In this paper, we propose a comprehensive evaluation method combining qualitative and quantitative analyses as an evaluation index of synthetic data quality, which further comprehensively evaluates the coverage, degree of prediction and similarity of synthetic data, mainly from the perspective of the combined analysis method of coverage, usefulness and similarity test. The empirical results show that TL-TimeGAN outperforms TimeGAN in coverage, usefulness and similarity of the synthesized time-series data, and is able to capture the “time-series dynamics” in historical data well, synthesize high-quality time-series data, and solve the problem of data scarcity.
Due to the anonymity of blockchain and the automatic execution of smart contracts, failure to detect fraud may lead to irreversible economic losses or even loss of personal interests, so accurate and timely anomaly detection can warn to users, avoid unnecessary economic losses, and promote the healthy development and application of blockchain technology. Therefore, in this paper, based on the Ethereum fraud detection dataset, we use Tabnet network to detect anomalies in augmented data and obtain the local feature importance as well as the global feature importance, in order to enhance the practical guidance value of the augmented data applied to practical work. In the training process of Tabnet network, AMEX evaluation index is innovatively introduced as a customized evaluation index to achieve early stopping of the model and prevent overfitting.

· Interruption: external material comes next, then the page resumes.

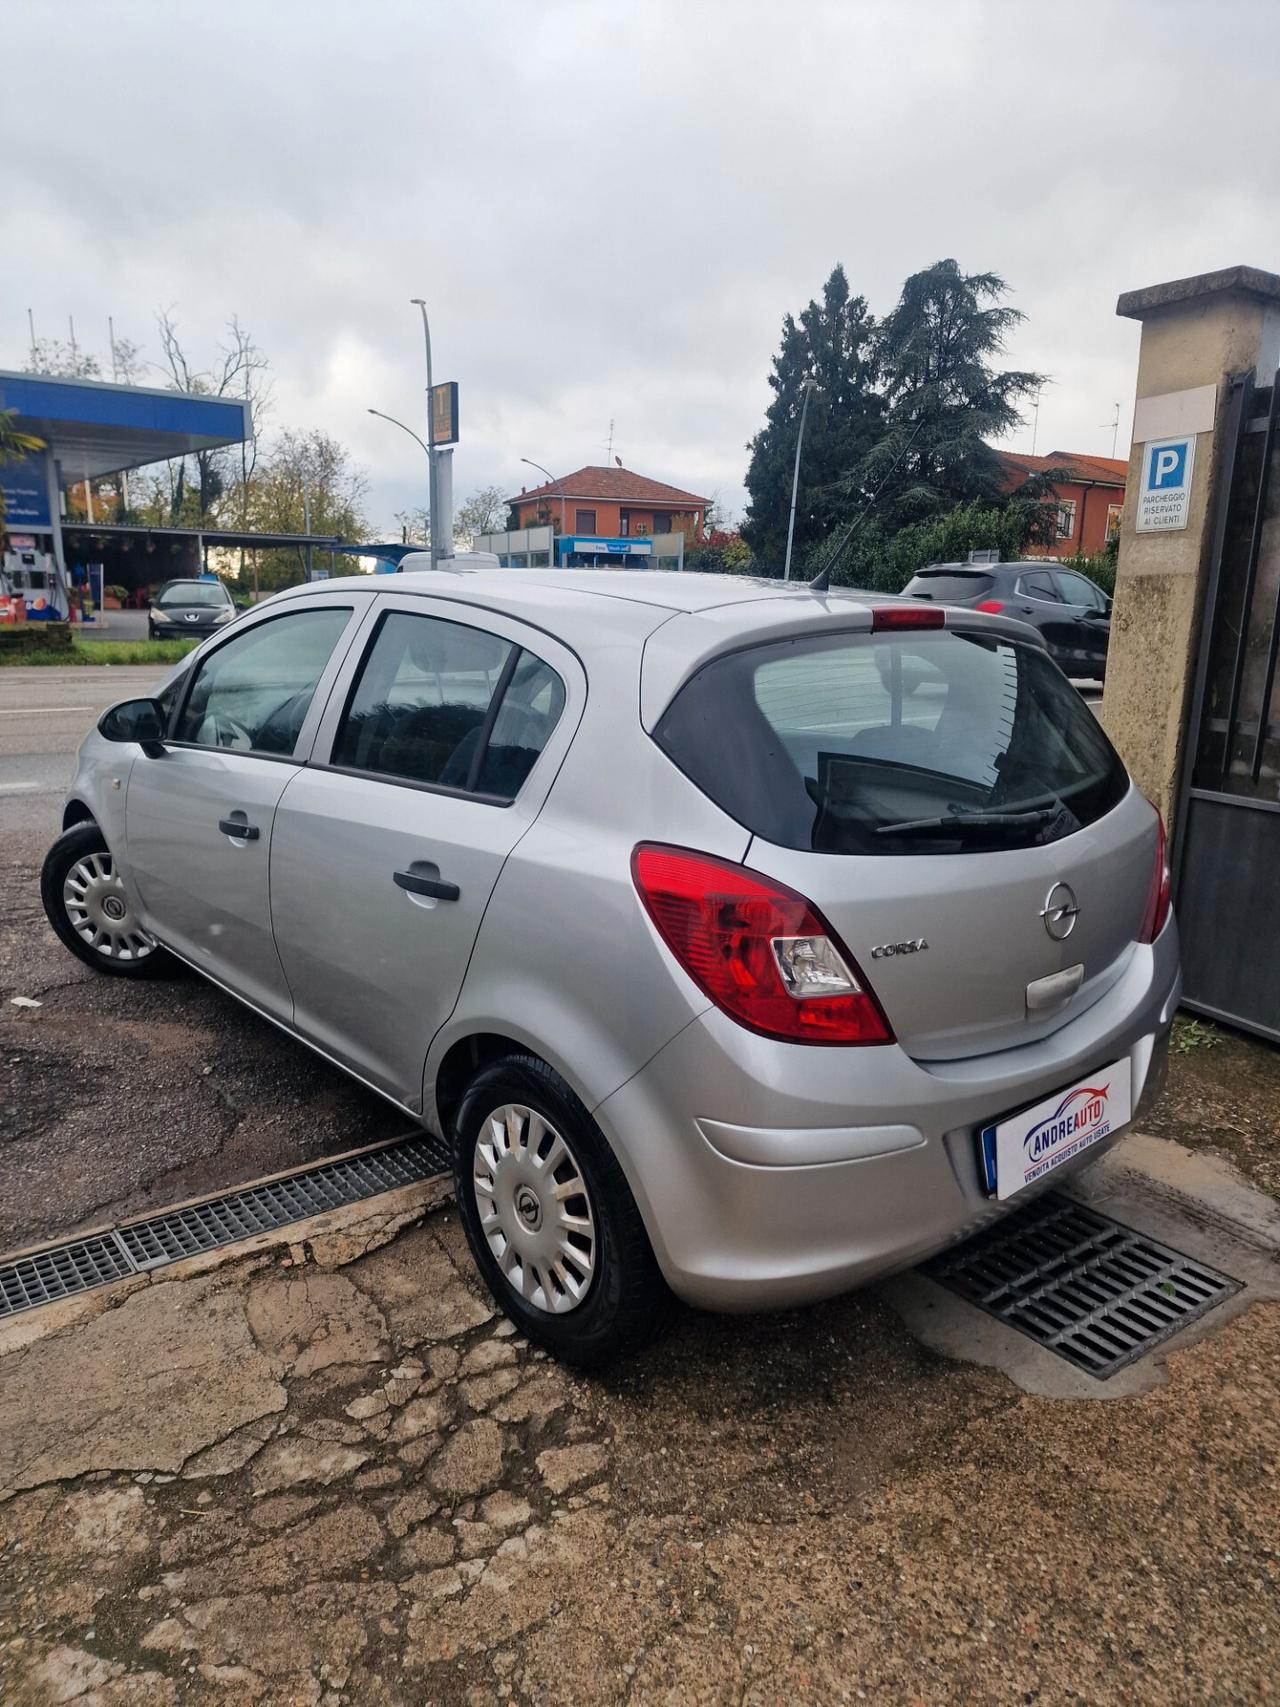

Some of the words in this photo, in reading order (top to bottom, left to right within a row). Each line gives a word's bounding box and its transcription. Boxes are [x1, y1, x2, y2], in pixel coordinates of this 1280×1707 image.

The Tabnet network sparsely selects the most salient features through a masking layer so that the learning power of the decision step is not wasted on irrelevant features, thus improving the parametric efficiency of the model. In order to achieve global interpretability, we visualize the importance of the features, and based on the ranking results, it can be seen that the top ten most important features are: the number of ERC20 token transactions sent to the unique account address, the maximum value of Ether received, the average value of Ether sent, the total number of normal transactions received, the total number of ERC20 token transactions sent by Ether, and the total number of contract transactions created, total number of Ether transactions received for ERC20 tokens, total amount of ERC20 tokens transferred to other contracts in Ether, the time difference (in minutes) between the first and last transaction, and the total Ether balance after enacted transactions.
In future work, the theoretical foundation part of the autoencoder as well as the generative adversarial network needs to be studied in depth to further optimize the network structure, reduce the memory usage of the model, and improve the performance of the model.